**Assignment**
Omit the pictures. Print each entry below exactly.

·····

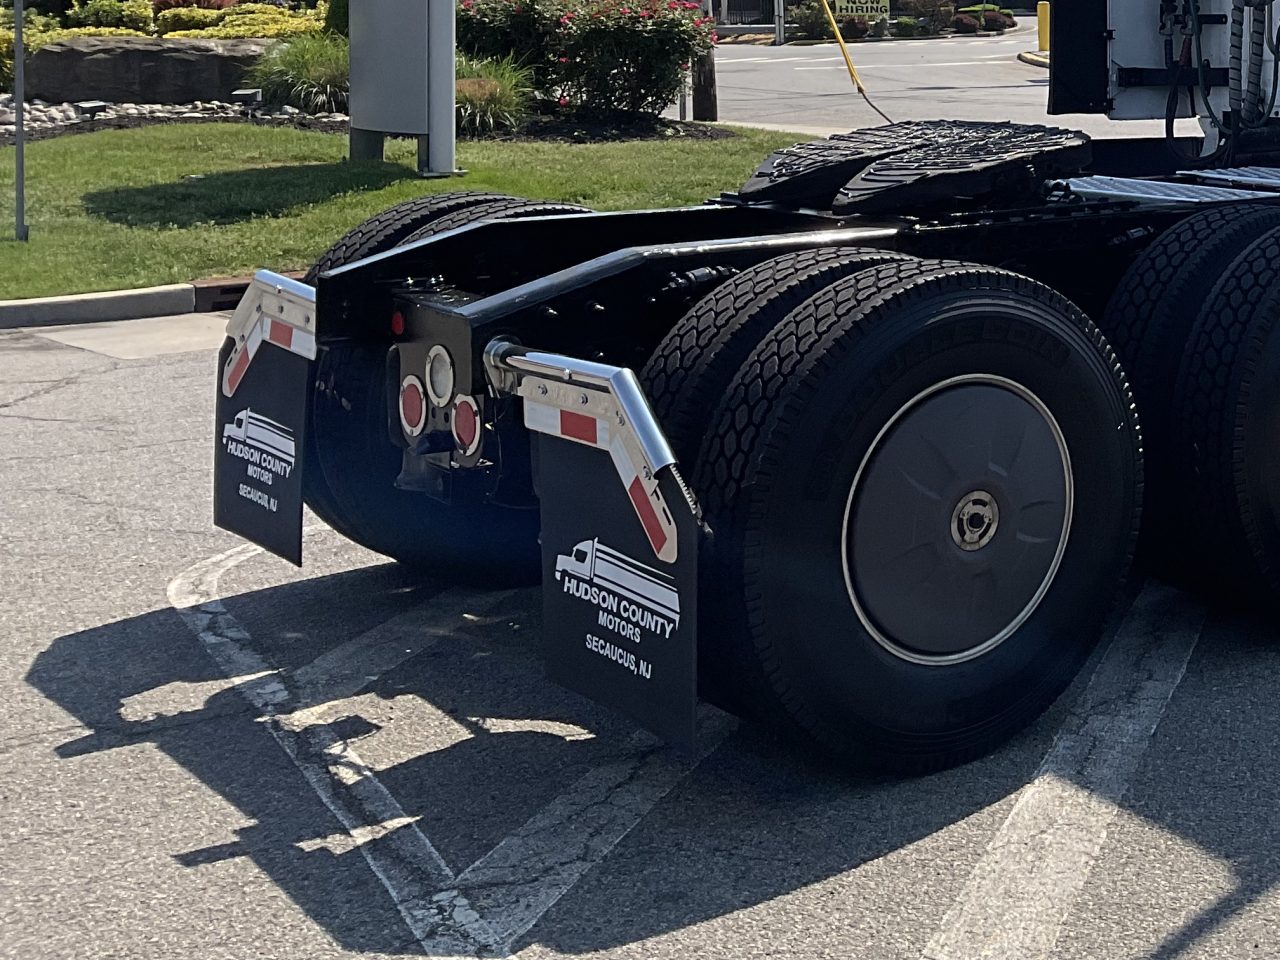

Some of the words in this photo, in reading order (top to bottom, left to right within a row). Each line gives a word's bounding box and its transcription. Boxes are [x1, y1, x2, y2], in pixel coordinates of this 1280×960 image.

[839, 5, 888, 14] HIRING
[227, 440, 261, 465] HUDSON
[261, 453, 292, 478] COUNTY
[247, 464, 273, 486] MOTORS
[269, 497, 278, 512] NJ
[563, 576, 618, 613] HUDSON
[620, 600, 674, 639] COUNTY
[598, 610, 641, 643] MOTORS
[585, 634, 638, 675] SECAUCUS,
[639, 659, 652, 679] NJ

·····

**Expected answer**
Some of the words in this photo, in reading order (top to bottom, left to right within a row). Each line gives a word's bounding box and its transcription. Boxes are [x1, y1, x2, y2], in pixel coordinates of this 1280×960 image.

[839, 5, 888, 14] HIRING
[227, 440, 261, 465] HUDSON
[261, 453, 292, 478] COUNTY
[247, 464, 273, 486] MOTORS
[269, 497, 278, 512] NJ
[563, 576, 618, 613] HUDSON
[620, 600, 674, 639] COUNTY
[598, 610, 641, 643] MOTORS
[585, 634, 638, 675] SECAUCUS,
[639, 659, 652, 679] NJ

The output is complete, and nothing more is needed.